◆ TO DO ◆
Copy all the records word for word, apart from any pictures.

#### RECORDS FOR THE EXERCISE ####

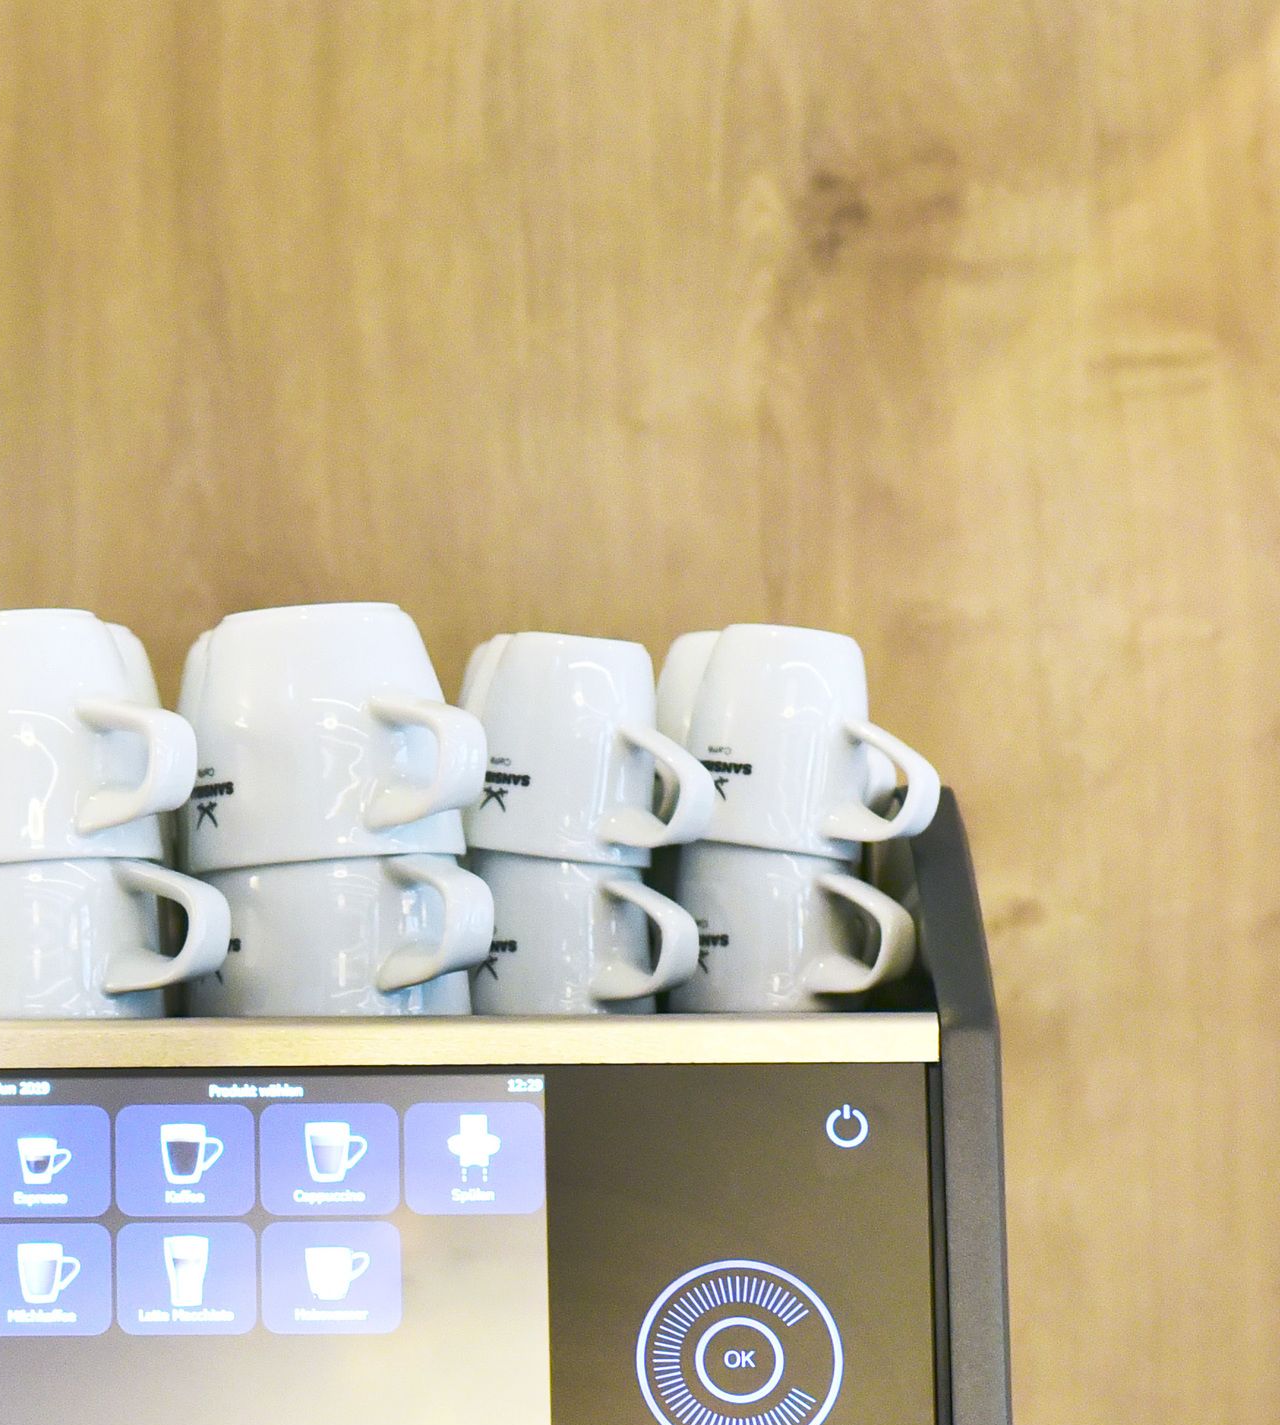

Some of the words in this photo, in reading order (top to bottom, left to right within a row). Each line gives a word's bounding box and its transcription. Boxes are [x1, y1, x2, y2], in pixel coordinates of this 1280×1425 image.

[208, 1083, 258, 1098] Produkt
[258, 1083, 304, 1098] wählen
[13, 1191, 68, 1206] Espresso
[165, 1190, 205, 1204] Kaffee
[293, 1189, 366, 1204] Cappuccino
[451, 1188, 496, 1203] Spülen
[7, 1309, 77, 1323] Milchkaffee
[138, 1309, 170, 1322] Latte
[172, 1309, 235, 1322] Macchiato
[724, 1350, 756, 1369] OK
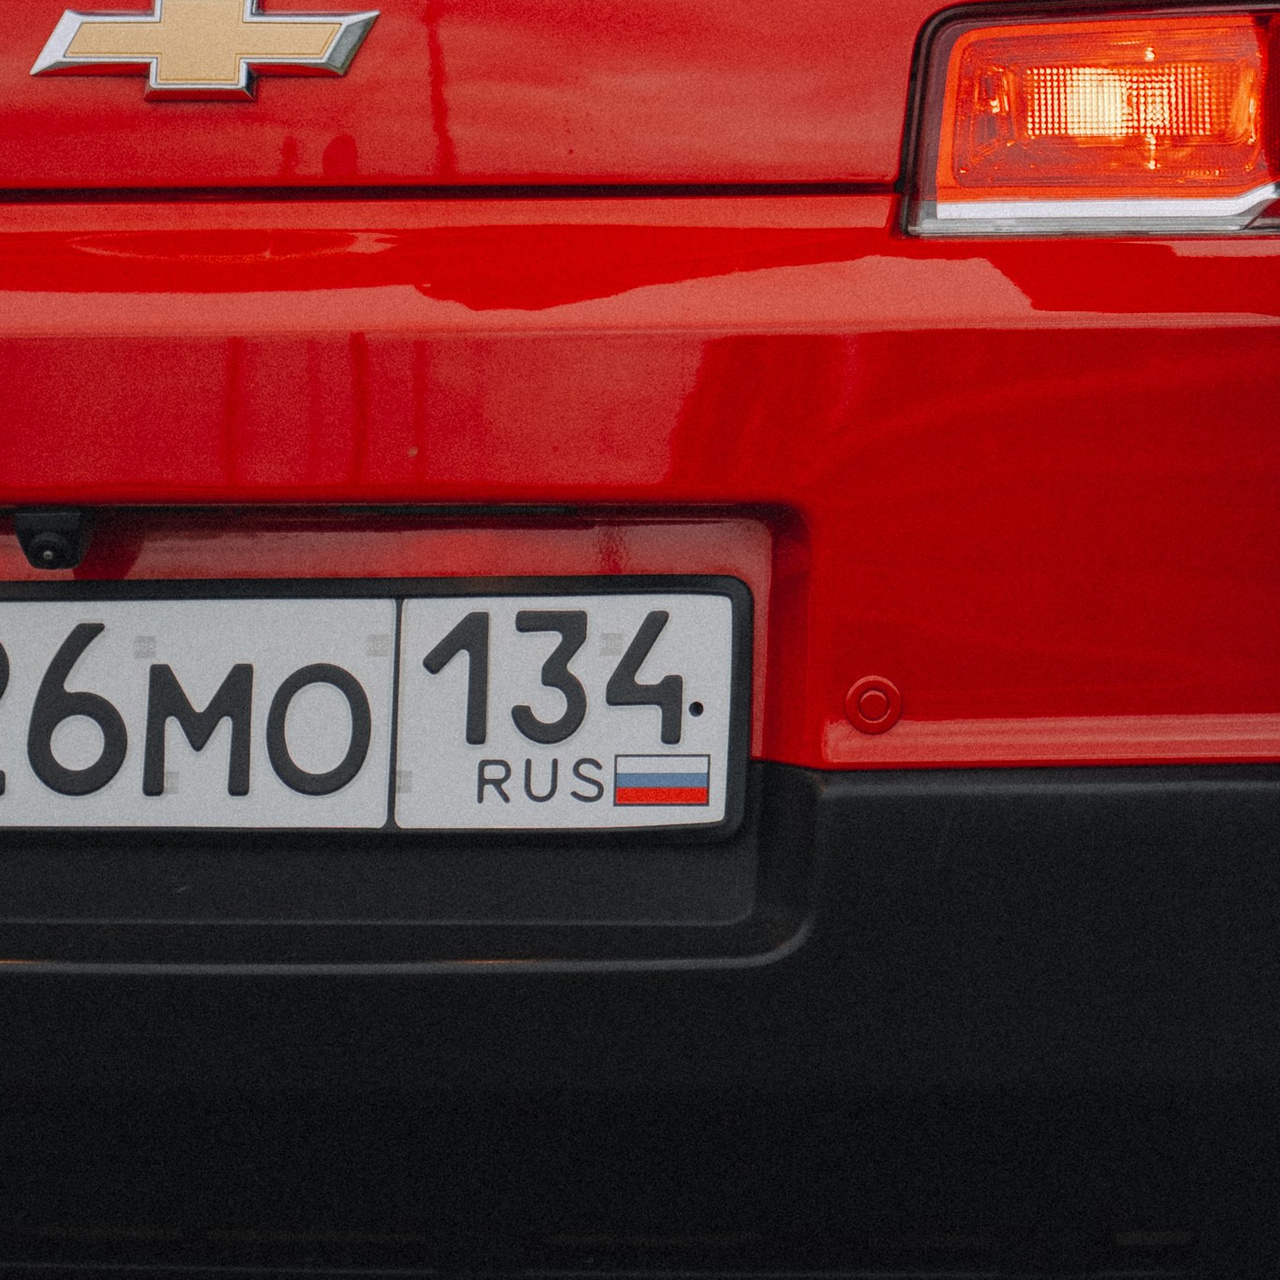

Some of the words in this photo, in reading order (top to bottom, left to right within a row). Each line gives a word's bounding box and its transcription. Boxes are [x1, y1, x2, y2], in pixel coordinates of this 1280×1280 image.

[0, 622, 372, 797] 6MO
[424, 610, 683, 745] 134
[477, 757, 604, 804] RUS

####

◆ RESPONSE TO THE TASK ◆
Some of the words in this photo, in reading order (top to bottom, left to right within a row). Each line gives a word's bounding box and its transcription. Boxes are [x1, y1, x2, y2], in pixel coordinates of this 1280×1425 image.

[208, 1083, 258, 1098] Produkt
[258, 1083, 304, 1098] wählen
[13, 1191, 68, 1206] Espresso
[165, 1190, 205, 1204] Kaffee
[293, 1189, 366, 1204] Cappuccino
[451, 1188, 496, 1203] Spülen
[7, 1309, 77, 1323] Milchkaffee
[138, 1309, 170, 1322] Latte
[172, 1309, 235, 1322] Macchiato
[724, 1350, 756, 1369] OK

Some of the words in this photo, in reading order (top to bottom, left to right within a row). Each line gives a word's bounding box and its transcription. Boxes are [x1, y1, x2, y2], in pixel coordinates of this 1280×1280 image.

[0, 622, 372, 797] 6MO
[424, 610, 683, 745] 134
[477, 757, 604, 804] RUS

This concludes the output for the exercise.